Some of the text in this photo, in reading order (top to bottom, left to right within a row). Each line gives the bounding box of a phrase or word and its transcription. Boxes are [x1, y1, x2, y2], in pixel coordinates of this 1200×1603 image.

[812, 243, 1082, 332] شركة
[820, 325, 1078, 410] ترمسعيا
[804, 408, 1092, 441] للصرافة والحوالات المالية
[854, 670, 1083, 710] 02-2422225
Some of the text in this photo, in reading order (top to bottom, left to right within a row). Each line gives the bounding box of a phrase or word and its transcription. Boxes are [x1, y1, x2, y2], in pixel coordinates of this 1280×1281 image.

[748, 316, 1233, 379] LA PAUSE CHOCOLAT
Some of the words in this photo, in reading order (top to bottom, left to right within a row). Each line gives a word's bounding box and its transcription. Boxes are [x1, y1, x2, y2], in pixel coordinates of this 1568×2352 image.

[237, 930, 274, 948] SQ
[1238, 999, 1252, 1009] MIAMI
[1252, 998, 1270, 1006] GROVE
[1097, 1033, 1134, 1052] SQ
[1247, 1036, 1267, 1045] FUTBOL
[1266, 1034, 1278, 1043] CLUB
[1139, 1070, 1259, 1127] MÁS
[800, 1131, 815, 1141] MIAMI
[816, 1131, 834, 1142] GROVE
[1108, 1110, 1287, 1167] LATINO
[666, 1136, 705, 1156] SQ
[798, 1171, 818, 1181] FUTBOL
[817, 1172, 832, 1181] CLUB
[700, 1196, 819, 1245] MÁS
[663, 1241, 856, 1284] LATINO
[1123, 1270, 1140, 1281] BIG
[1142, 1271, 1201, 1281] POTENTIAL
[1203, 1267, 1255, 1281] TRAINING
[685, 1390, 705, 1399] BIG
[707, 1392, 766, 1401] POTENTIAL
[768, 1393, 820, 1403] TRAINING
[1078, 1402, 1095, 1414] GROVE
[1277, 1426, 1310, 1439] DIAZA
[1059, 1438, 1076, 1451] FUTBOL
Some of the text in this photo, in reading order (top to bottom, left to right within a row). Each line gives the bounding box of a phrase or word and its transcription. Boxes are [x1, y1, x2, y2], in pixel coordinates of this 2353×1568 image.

WHAT THE EXERCISE ASKS: Having read the entries above, restate them all word for word.

RESULT FOR THIS EXERCISE:
Some of the text in this photo, in reading order (top to bottom, left to right within a row). Each line gives the bounding box of a phrase or word and its transcription. Boxes are [x1, y1, x2, y2], in pixel coordinates of this 1200×1603 image.

[812, 243, 1082, 332] شركة
[820, 325, 1078, 410] ترمسعيا
[804, 408, 1092, 441] للصرافة والحوالات المالية
[854, 670, 1083, 710] 02-2422225
Some of the text in this photo, in reading order (top to bottom, left to right within a row). Each line gives the bounding box of a phrase or word and its transcription. Boxes are [x1, y1, x2, y2], in pixel coordinates of this 1280×1281 image.

[748, 316, 1233, 379] LA PAUSE CHOCOLAT
Some of the words in this photo, in reading order (top to bottom, left to right within a row). Each line gives a word's bounding box and its transcription. Boxes are [x1, y1, x2, y2], in pixel coordinates of this 1568×2352 image.

[237, 930, 274, 948] SQ
[1238, 999, 1252, 1009] MIAMI
[1252, 998, 1270, 1006] GROVE
[1097, 1033, 1134, 1052] SQ
[1247, 1036, 1267, 1045] FUTBOL
[1266, 1034, 1278, 1043] CLUB
[1139, 1070, 1259, 1127] MÁS
[800, 1131, 815, 1141] MIAMI
[816, 1131, 834, 1142] GROVE
[1108, 1110, 1287, 1167] LATINO
[666, 1136, 705, 1156] SQ
[798, 1171, 818, 1181] FUTBOL
[817, 1172, 832, 1181] CLUB
[700, 1196, 819, 1245] MÁS
[663, 1241, 856, 1284] LATINO
[1123, 1270, 1140, 1281] BIG
[1142, 1271, 1201, 1281] POTENTIAL
[1203, 1267, 1255, 1281] TRAINING
[685, 1390, 705, 1399] BIG
[707, 1392, 766, 1401] POTENTIAL
[768, 1393, 820, 1403] TRAINING
[1078, 1402, 1095, 1414] GROVE
[1277, 1426, 1310, 1439] DIAZA
[1059, 1438, 1076, 1451] FUTBOL
Some of the text in this photo, in reading order (top to bottom, left to right within a row). Each line gives the bounding box of a phrase or word and its transcription. Boxes are [x1, y1, x2, y2], in pixel coordinates of this 2353×1568 image.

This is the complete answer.